Durability and Design
Patagonia uses its Ironclad Quality Index to evaluate construction techniques, material resilience and long-term wear. The Black Hole series is a strong example. When recycled materials were introduced, the glossy finish became matte, but durability improved significantly. Patagonia prioritised performance over aesthetics because a longer-lasting product has a lower environmental footprint.
Designing for longevity may be Patagonia’s most effective immediate climate strategy.
Governance and Transparency
Patagonia’s ownership model allows the company to make decisions that may not maximise short-term profitability, but strengthen long-term environmental responsibility. Every dollar of distributed profit flows to the Holdfast Collective, which directs funding toward environmental protection.
The company treats transparency as a management tool. It publishes rising emissions, missed targets and unresolved challenges without editing the story for optics. This openness is unusual in a sector still accustomed to selective reporting.
Where Things Stand Today
Patagonia’s 2025 environmental picture is not a story of completion. Some numbers moved in the wrong direction, and several targets that once seemed achievable now require more time or entirely new technical pathways. Many of the solutions the sector depends on, including large-scale textile recycling and low-carbon grids in sourcing regions, remain limited by infrastructure and cost. Large parts of the supply chain still rely on fossil energy. Patagonia reports these realities openly, without altering the message to make it more polished.
This honesty offers a clearer view of what environmental responsibility looks like inside a global supply chain. Patagonia continues experimenting with new materials, rethinking chemistry, supporting factories and designing products that last longer. The work is slow, technical and often frustrating. It shows how difficult it is to decarbonise a system that was never built with climate or nature in mind.
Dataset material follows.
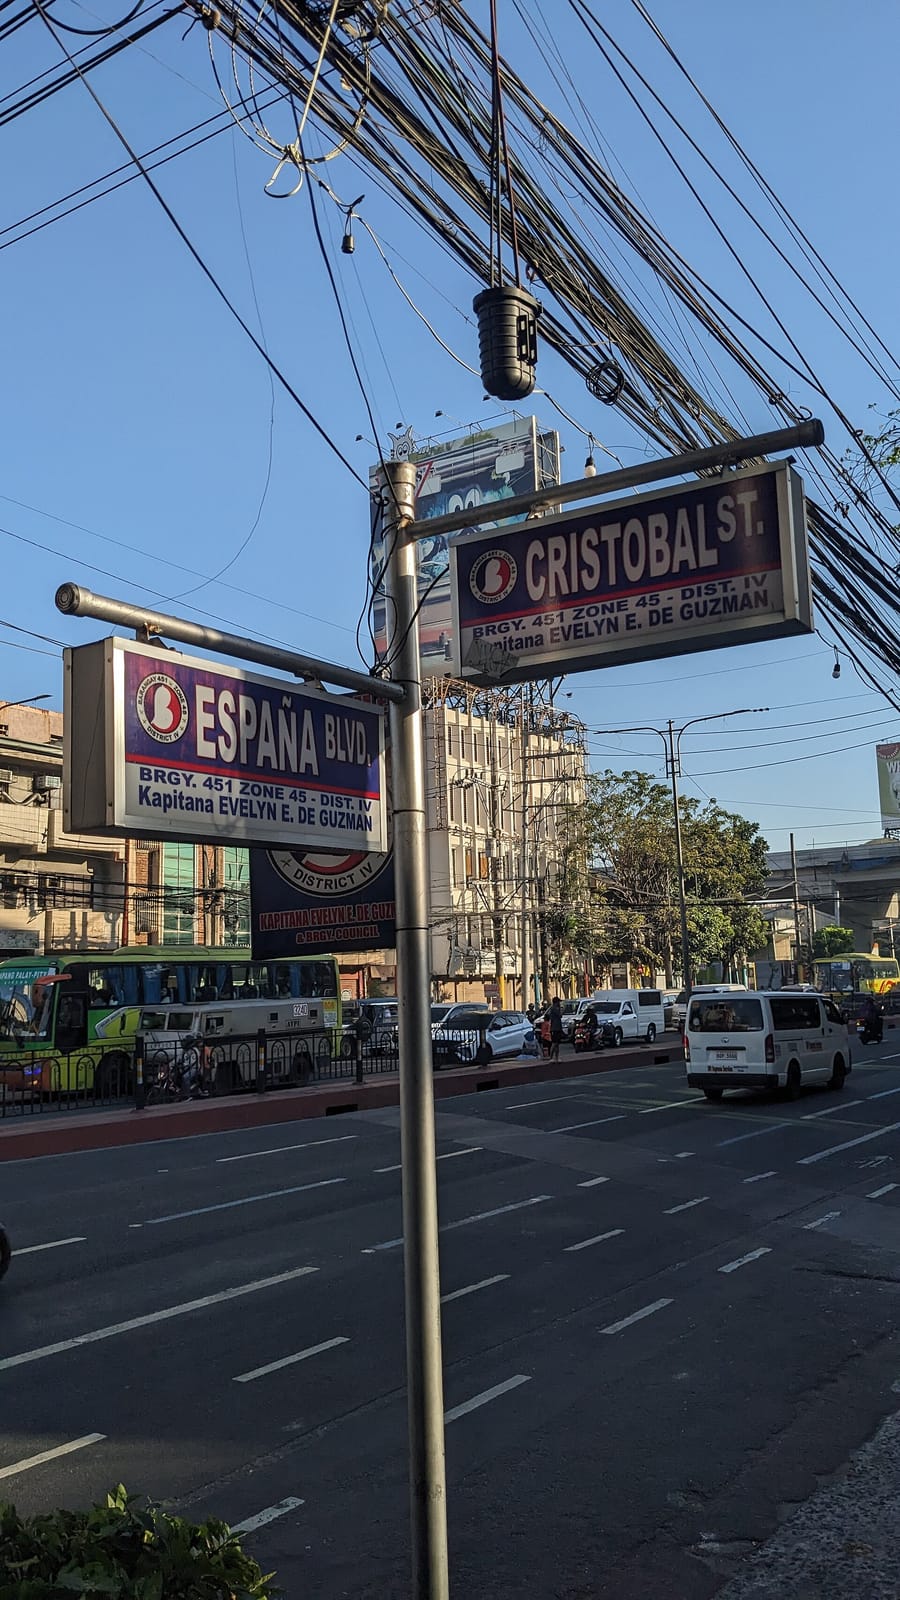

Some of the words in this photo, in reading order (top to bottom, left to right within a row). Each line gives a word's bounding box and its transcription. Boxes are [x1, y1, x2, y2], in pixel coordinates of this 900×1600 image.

Patagonia does not claim to have solved these problems, and it does not suggest that its model can be copied directly by other companies. What stands out instead is the consistency with which the company stays committed to the work, even when progress is uneven and the path forward is uncertain. It accepts that sustainability will involve friction, imperfect data and years when results do not match ambitions. It also accepts that genuine progress will not always show up neatly in annual reporting.
Many companies focus on presenting progress neatly, but Patagonia continues to stay with the difficult parts of the work. That choice gives its efforts a different kind of credibility. The company is not chasing perfection. It is choosing to keep going, even when the path is slow or unclear. That steady commitment may be its most meaningful contribution.